Dr Jacky Lee [李旺城] carried out this work over five years as a graduate student and later as a Postdoctoral Associate in SMART
BioSyM under the supervision of:
· - Prof Van Vliet;
· - Prof Jongyoon Han, SMART Principal Investigator; and
· - SMART Singapore co-Investigator and main PhD supervisor, Prof Lim Chwee Teck from National University of Singapore (NUS).
Other authors include SMART co-Investigators - Associate Professor Jerry Chan from KK Women’s and Children’s Hospital (KKH)
and G. Shivashankar from NUS; SMART Research Scientist Dr Zhiyong Poon; and SMART researchers L.M Nyan and T. Kaushik.
Dr Jacky Lee said, “Currently, researchers try to isolate MSCs based on protein markers found on the cell surfaces. But these
markers lack sufficient ‘resolution’ to distinguish between subpopulations of MSC with distinct functions. This approach
to identify subpopulations of stem cells, distinct from other marrow stromal cells, has re-ignited hope for better stem-cell treatments.”
SMART Research Scientist Dr Zhiyong Poon [潘志勇], said: “We are in the process of starting clinical trials on the use of biophysically
sorted cells for bone marrow regeneration and repair.”
Associate Professor Jerry Chan [陈国贤副教授], who is also Director, KK Research Centre and Senior Consultant, Department of
Reproductive Medicine at KKH [竹脚妇幼医院研究中心主席兼生育医药部门资深顾问医生], said, “This important discovery will allow us
to identify and select the best population of stem cells that we can use for treating different diseases such as brittle-bone disease or
in repairing large bone defects. We anticipate that this technique will enhance our knowledge of the cells being used in our upcoming
clinical trial to repair large bone defects.”
The researchers tested injected MSCs in mice and found that these cells could repair both muscle and bone injuries, while marrow-derived
cells identified as osteogenic stromal cells were able to repair bone but not muscle.
Dr Hui Shi said, “Our test in mice showed that MSCs can be identified and highly enriched for bone growth and muscle repair.
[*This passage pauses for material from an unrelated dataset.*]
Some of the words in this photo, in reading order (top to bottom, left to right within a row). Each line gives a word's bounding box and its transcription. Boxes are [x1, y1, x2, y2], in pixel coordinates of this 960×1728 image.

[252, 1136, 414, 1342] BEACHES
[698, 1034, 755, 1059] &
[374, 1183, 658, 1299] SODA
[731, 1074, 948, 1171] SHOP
This means
that we can select, purify and concentrate MSCs for tissue repair for people who, for instance, suffer from knee joint pain.”
Going forward, the SMART team hopes to develop high-speed methods for separating MSC subpopulations. This research is funded
by the Singapore National Research Foundation, Prime Minister’s Office, under its Campus for Research Excellence And
Technological Enterprise (CREATE) programme.
About Stem Cells
• Immature cells that have genetic material that moves around inside the nucleus, producing more fluctuations of the nuclear cell membrane.
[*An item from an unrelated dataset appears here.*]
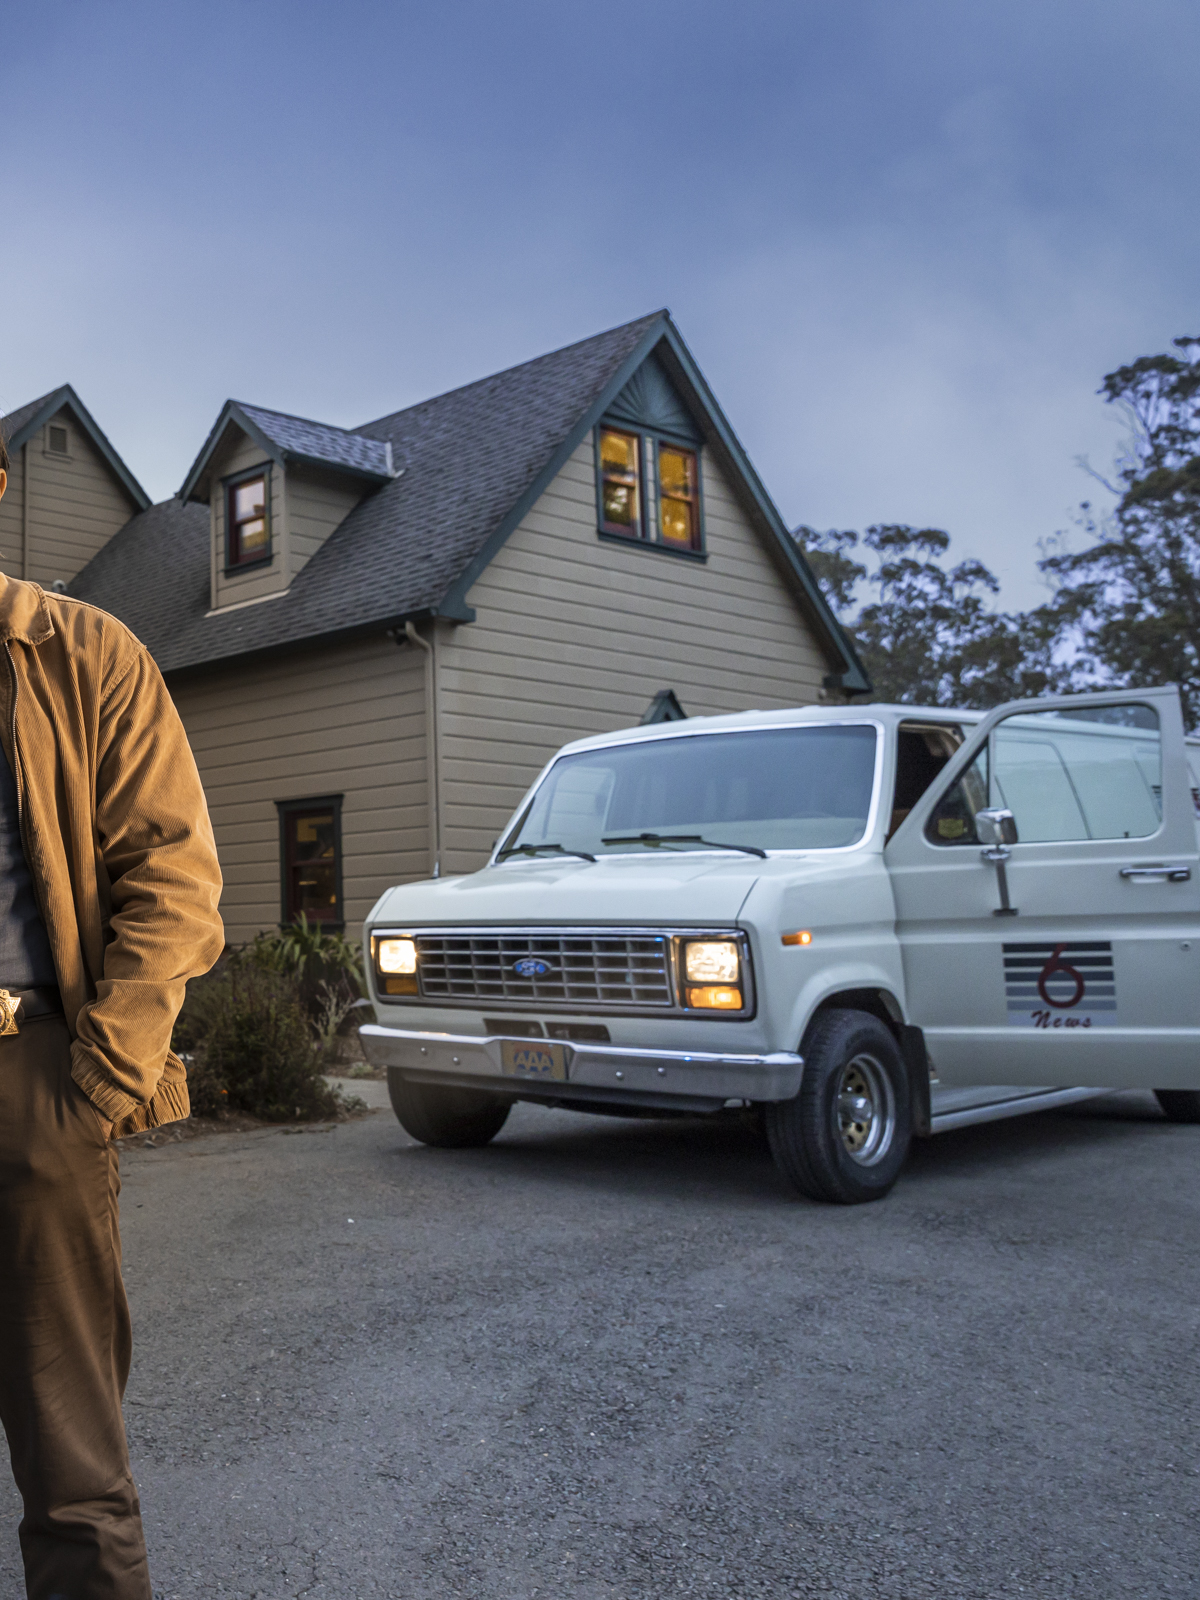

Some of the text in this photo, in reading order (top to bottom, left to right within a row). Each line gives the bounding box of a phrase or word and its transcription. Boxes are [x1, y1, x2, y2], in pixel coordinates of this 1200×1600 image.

[1038, 943, 1084, 1008] 6
[1031, 1010, 1092, 1028] News
[515, 1050, 552, 1071] AAA
• Have less rigid cytoskeletal structure than those of highly differentiated cells, at least when adhered to materials such as glass, making those attached cells seem less stiff.
About Mesenchymal Stem Cells (MSCs)
• Immature cells that can differentiate into cells that produce bone, cartilage, fat or muscle
• Resides deep within the bone marrow
• Make up only a small percentage of cells in the bone marrow
About Osteogenic Stromal Cells
• Resides deep within the bone marrow together with MSCs
• Have already begun the developmental path towards becoming cartilage or bone-producing cells
About Stem-cell treatments (bone, muscle, cartilage)
• MSCs are currently being investigated for a range of clinical applications such as bone repair, vascular insufficiency, cardiac failure, graft-versus-host disease, diabetes and others.